With traditional culture as his muse, he incorporated the small details that define Laos’ architectural style, including semi-open outdoor corridors that are very wide, roof tiles that are still individually handmade from brick, and custom wooden doors that include two vertical wooden pieces positioned down each door lengthwise. Green Park feels like a well-organized personal estate instead of a hotel, but with a modern day spa onsite, as well as the stunning courtyard swimming pool and contemporary, international dining venues, all the comforts of a luxury hotel are in place. Seven years after opening Vientiane, the family fell in love with an awe-inspiring riverfront parcel three hours north of the city. Referred to as a ‘backpacker’s paradise’ over the last decade, Vang Vieng is not the sort of place luxury hotel developers flocked to in the past.

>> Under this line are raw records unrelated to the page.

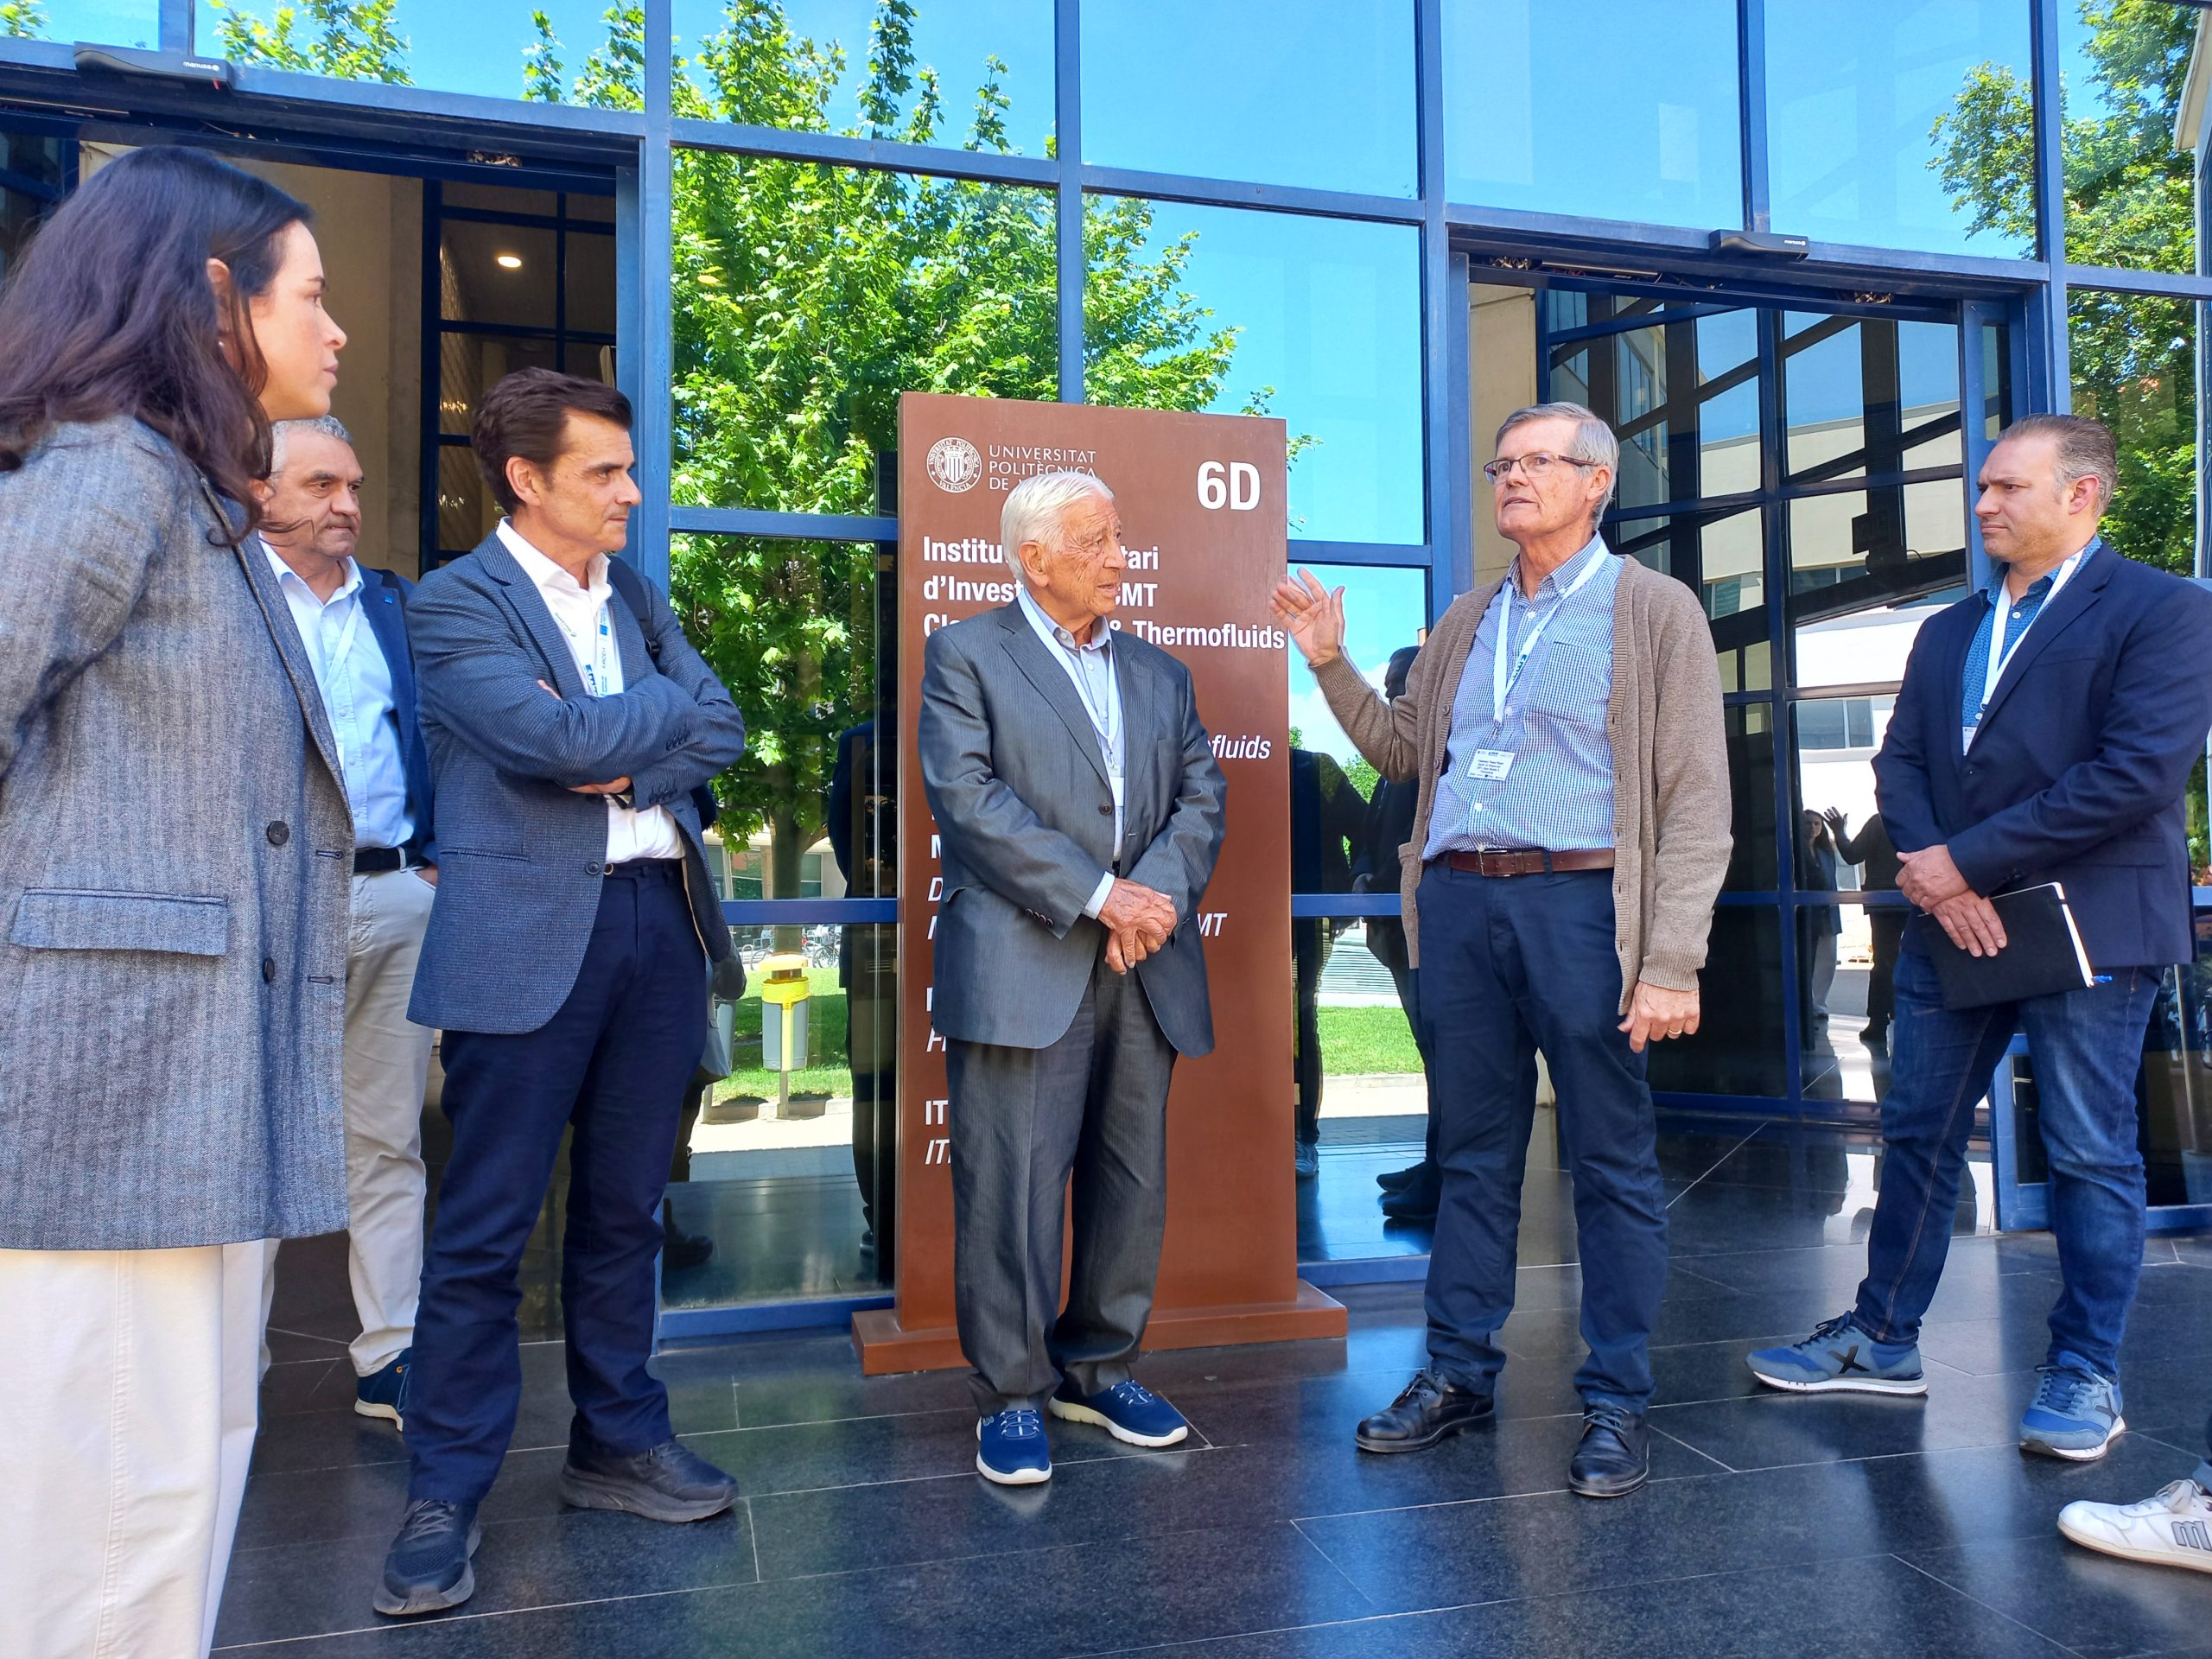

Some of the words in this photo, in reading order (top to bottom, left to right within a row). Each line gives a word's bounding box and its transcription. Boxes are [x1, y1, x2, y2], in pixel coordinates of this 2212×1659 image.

[988, 444, 1096, 463] UNIVERSITAT
[989, 477, 1009, 491] DE
[1197, 460, 1262, 511] 6D
[923, 536, 1009, 563] Institu
[923, 575, 1025, 602] d'Invest
[1132, 620, 1286, 649] Thermofluids
[1208, 734, 1272, 760] fluids

Situated halfway along the nine-hour drive between Vientiane and the former royal capital of Luang Prabang, Phanrajsavong and his family saw the opportunity to provide upscale accommodations to well heeled families who sought the adventure of driving to Luang Prabang instead of flying.

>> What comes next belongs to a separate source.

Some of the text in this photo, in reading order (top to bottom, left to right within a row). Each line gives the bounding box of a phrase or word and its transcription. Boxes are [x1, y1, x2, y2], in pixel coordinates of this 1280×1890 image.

“Up until now, there was no place to stay in Vang Vieng, at least nowhere guests who need a little comfort would stay,” he says. “My friends said I was foolish, taking a risk by building the area’s first luxury hotel. To our surprise, just one year after opening, the new hotel is seeing even better numbers than Vientiane.”
‘Stunning’ is hardly bold enough to describe the views from the Riverside Resort. At an altitude of about 300-meters, and a cooler climate that attracts city dwellers to make their weekend escapes, Vang Vieng capture the very best of Laos’ natural beauty. Dynamic rock and limestone mountains soar majestically over the clear waters of the lazy Nam Song River – not an easy landscape with which to compete.
“We decided to keep the design simple, letting Mother Nature maintain her center stage position. We utilized as many natural materials as we could source, including hardwoods and stone, and arranged the buildings to capture the view whenever, however possible,” he remembers. “I find myself coming up with excuses to drive up from Vientiane at least once a month – not only to check in on the business details, but to soak in the views for a couple of days before heading back down to the city.”